23 – 26 February 2017, Kochi, India.
Download the conference report here.
Video technology has radically altered the ways in which we produce, consume and circulate images, influencing the aesthetics and possibilities of moving image cultures, as well as yielding a rich body of scholarship across various disciplines. Given its ease of access and use, video has historically been aligned with media activism and collaborative work, further enabled by digital platforms, that facilitate transnational networks even as they exist within heightened systems of surveillance. Having emerged as the driving force behind the web, social media, and the internet of things, video, as Ina Blom (2016) suggests, is endowed with life-like memory and agency. As witnessed in the recent network crash in America as a result of the hacking of web cameras, video overload can even become a cause for infrastructural vulnerability.
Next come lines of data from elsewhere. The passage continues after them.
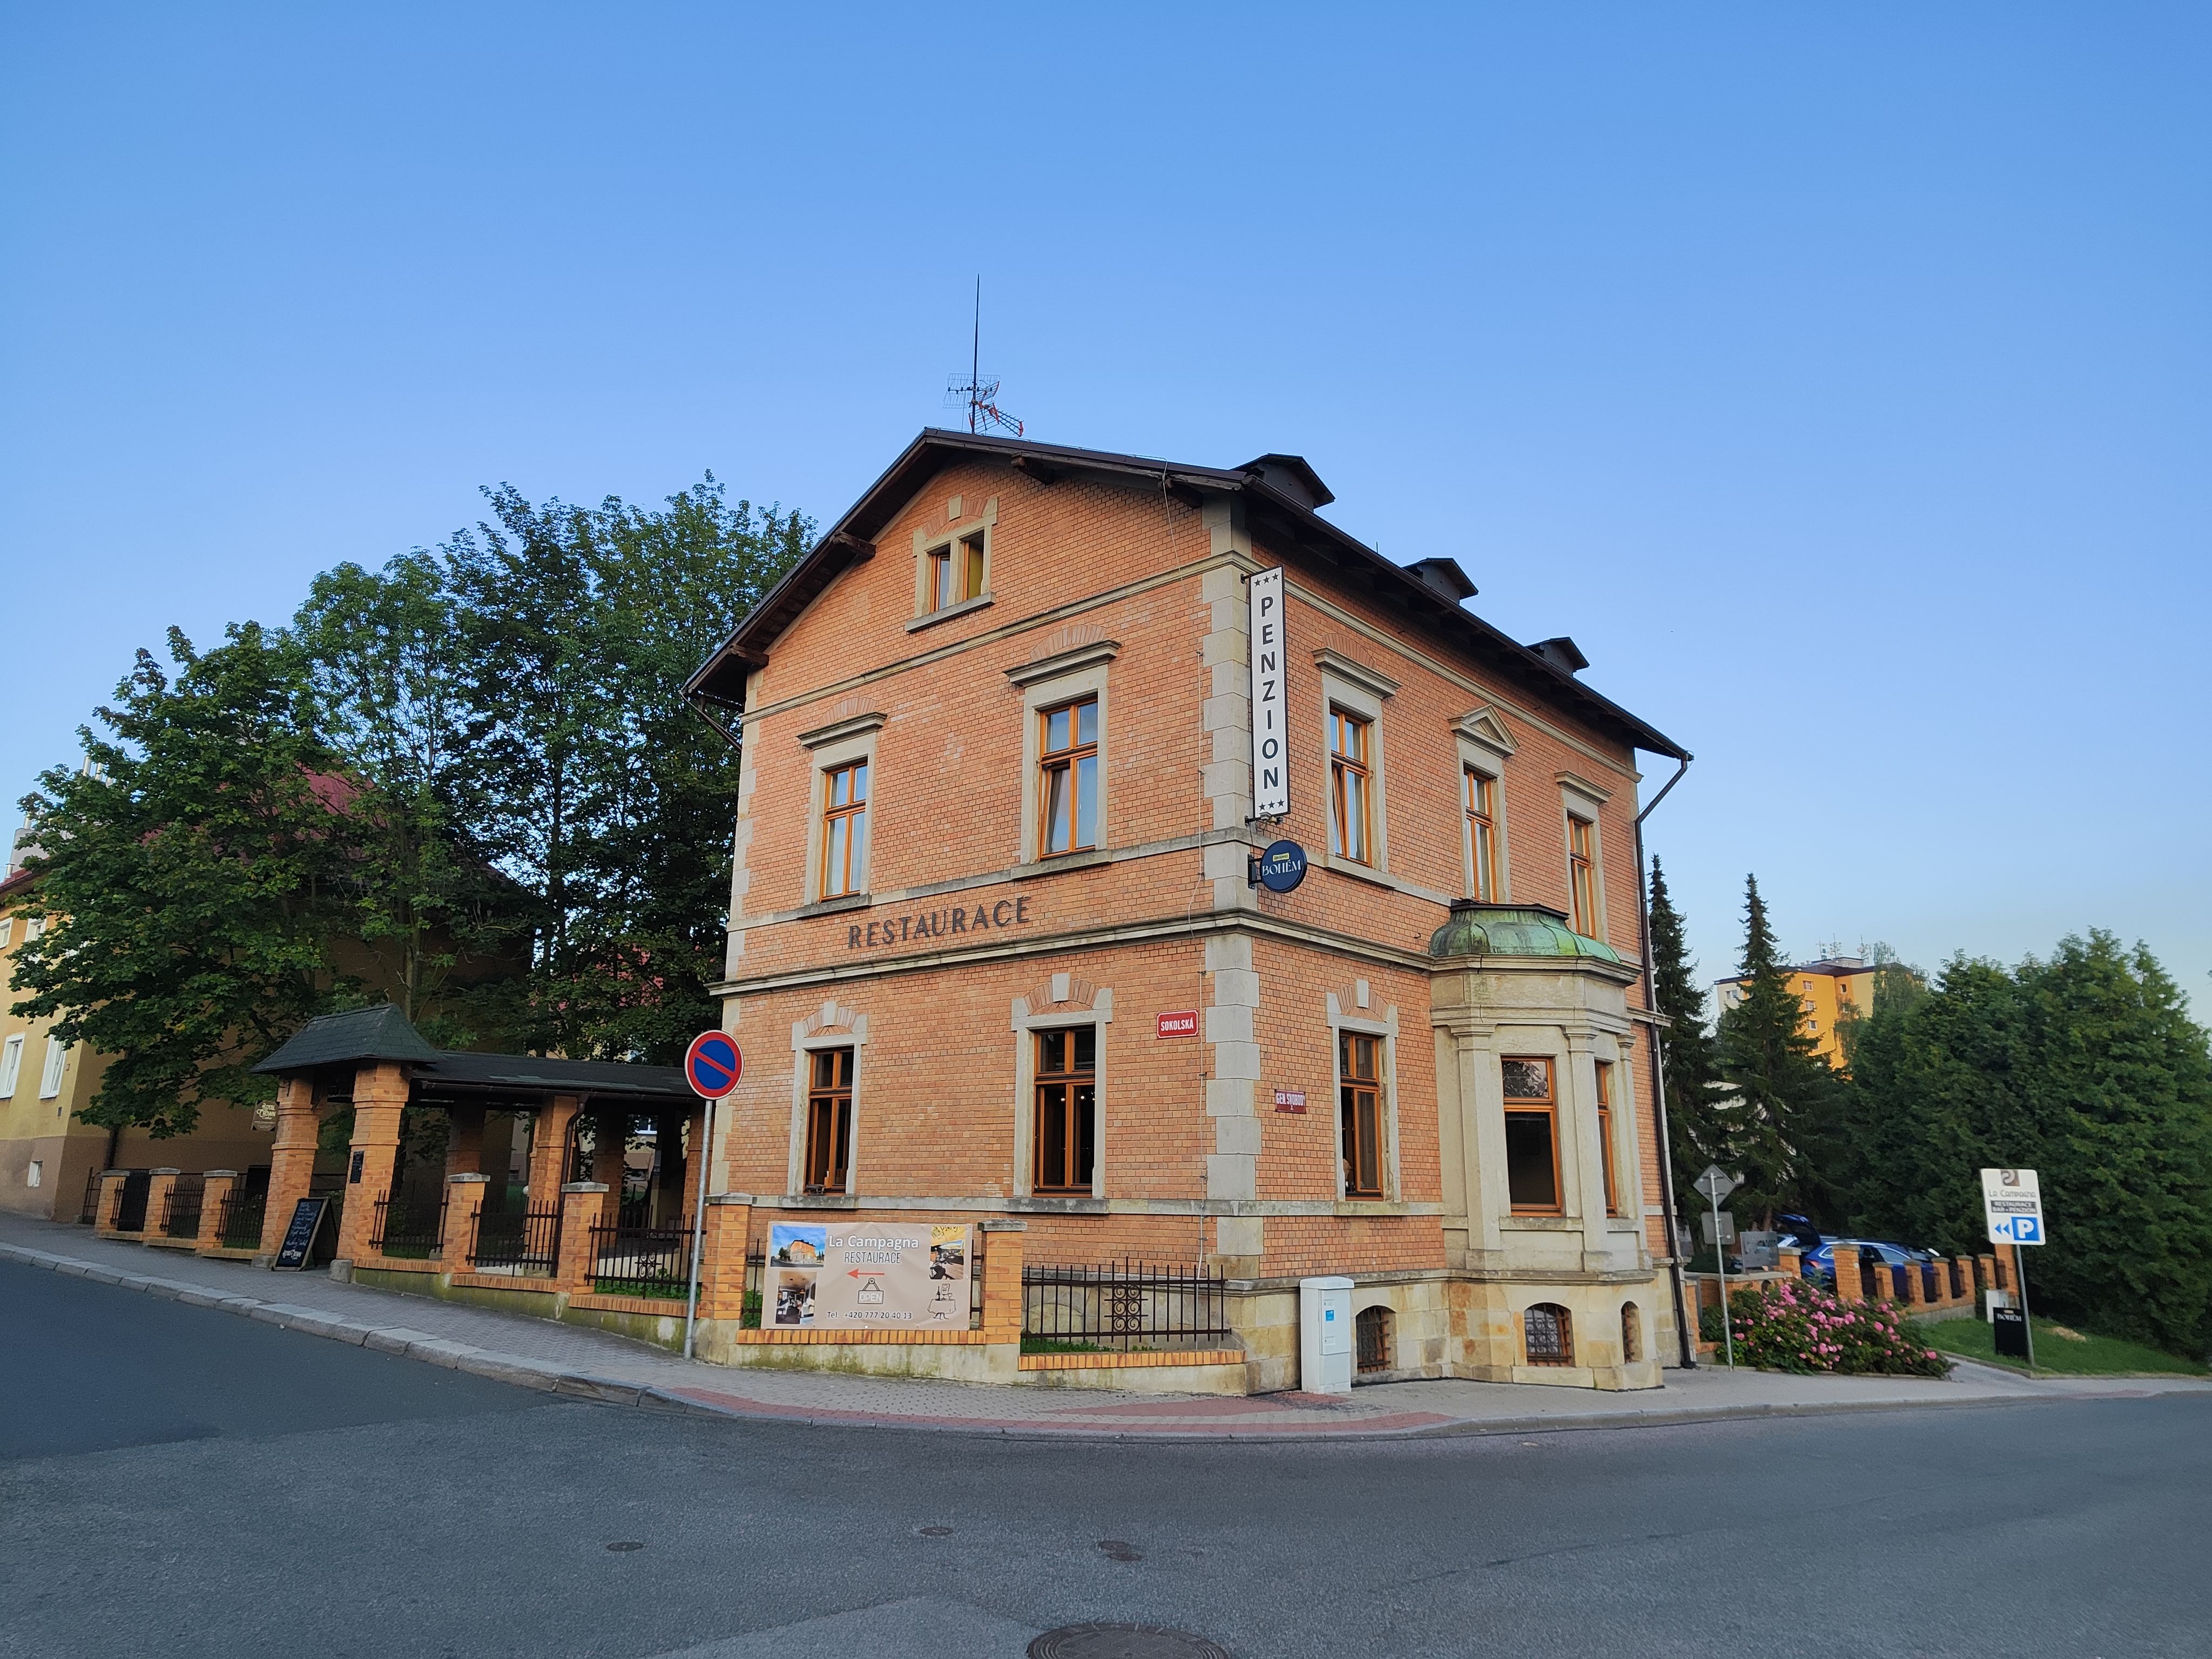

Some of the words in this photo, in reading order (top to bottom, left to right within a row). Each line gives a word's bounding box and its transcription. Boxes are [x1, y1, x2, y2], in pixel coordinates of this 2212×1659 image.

[1260, 596, 1279, 790] PENZION
[1262, 859, 1301, 876] BOHÉM
[848, 895, 1032, 948] RESTAURACE
[1161, 1016, 1194, 1031] SOKOLSKÁ
[1286, 1093, 1305, 1106] SVOBODY
[1988, 1189, 1998, 1197] La
[2000, 1189, 2036, 1198] Campagna
[2017, 1218, 2034, 1239] P
[828, 1235, 844, 1247] La
[847, 1235, 919, 1251] Campagna
[844, 1251, 902, 1264] RESTAURACE
[860, 1293, 882, 1301] OPEN
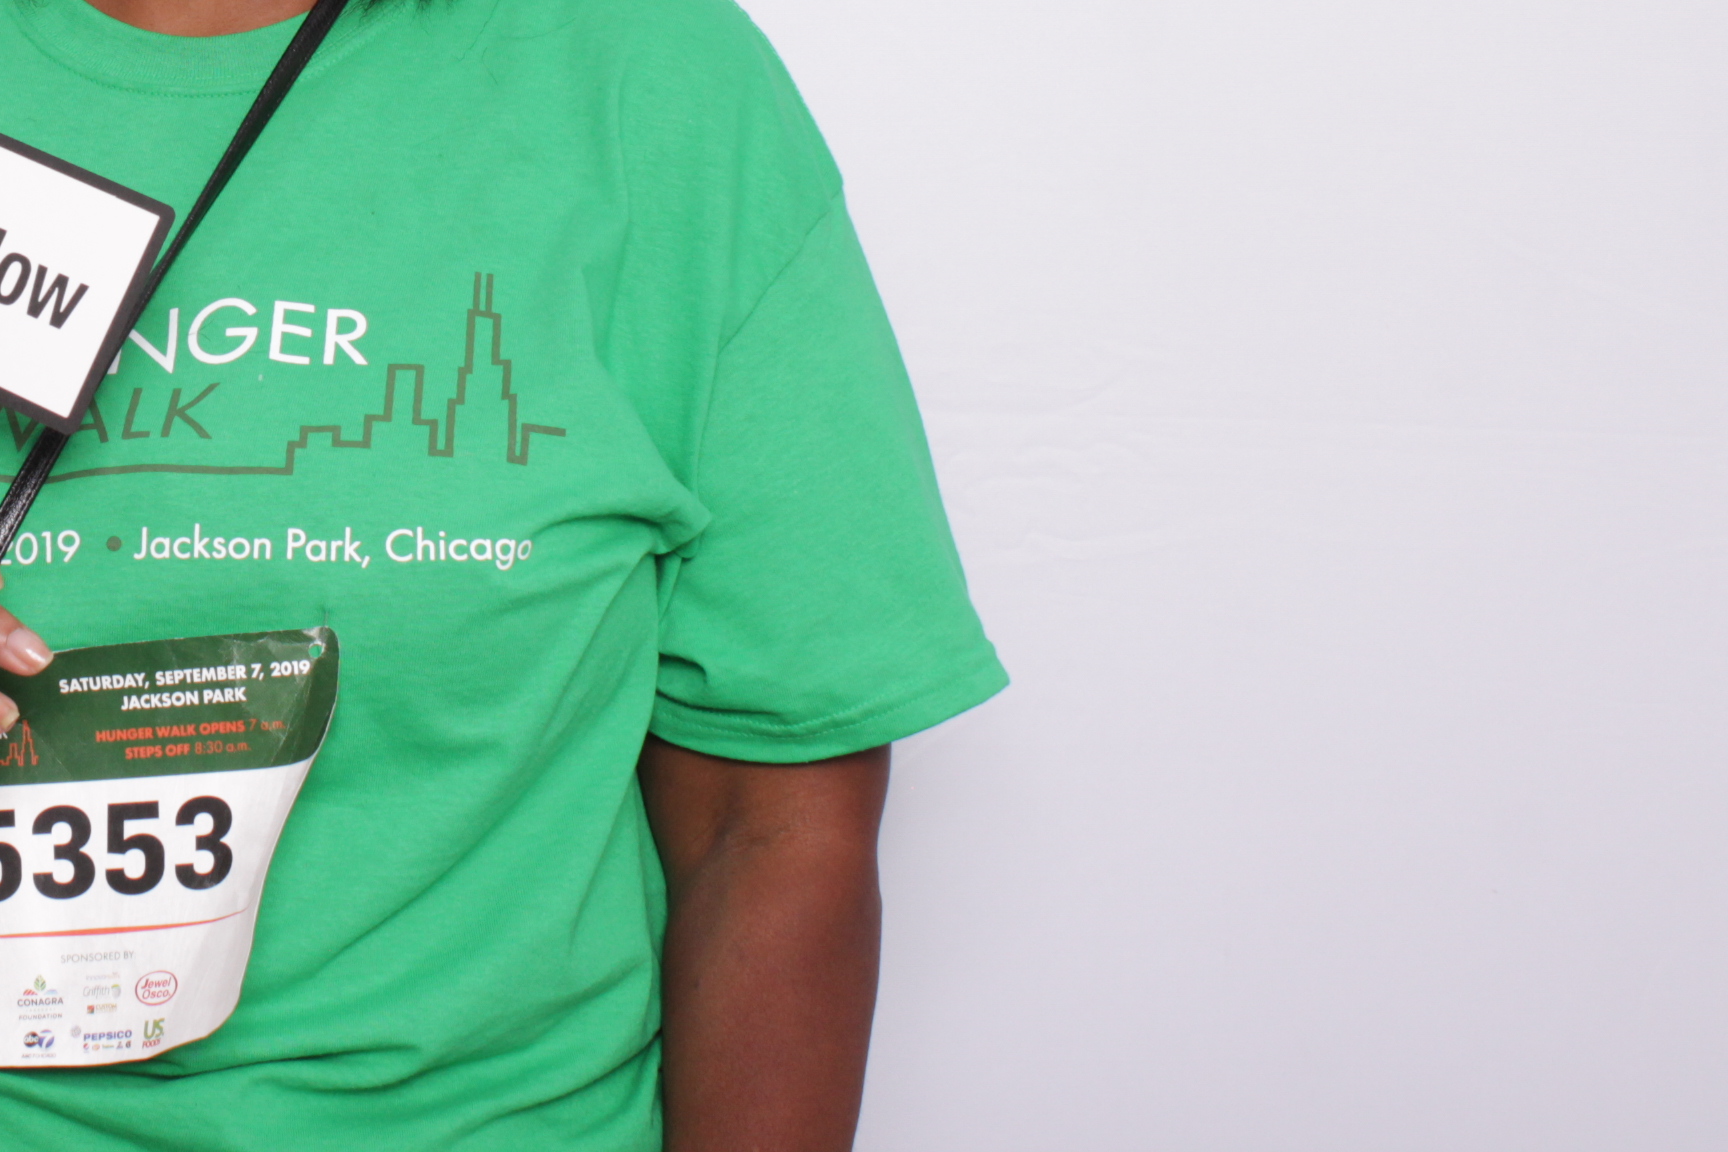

While the infrastructures of video in Europe and America may almost be taken for granted, in many parts of the global South, video exists across uneven conditions, and this invites engagements with video history and theory that are attentive to these varied lives and forms of video. Video Vortex XI proposed to place emphasis on these ‘other’ video cultures, which have largely evaded scrutiny under the fiction of video’s universalism.
Video Vortex XI was organized by the School of New Humanities & Design, Srishti Institute of Art, Design & Technology in collaboration with the University of Bilkent, Ankara, and the Institute of Network Cultures, Amsterdam.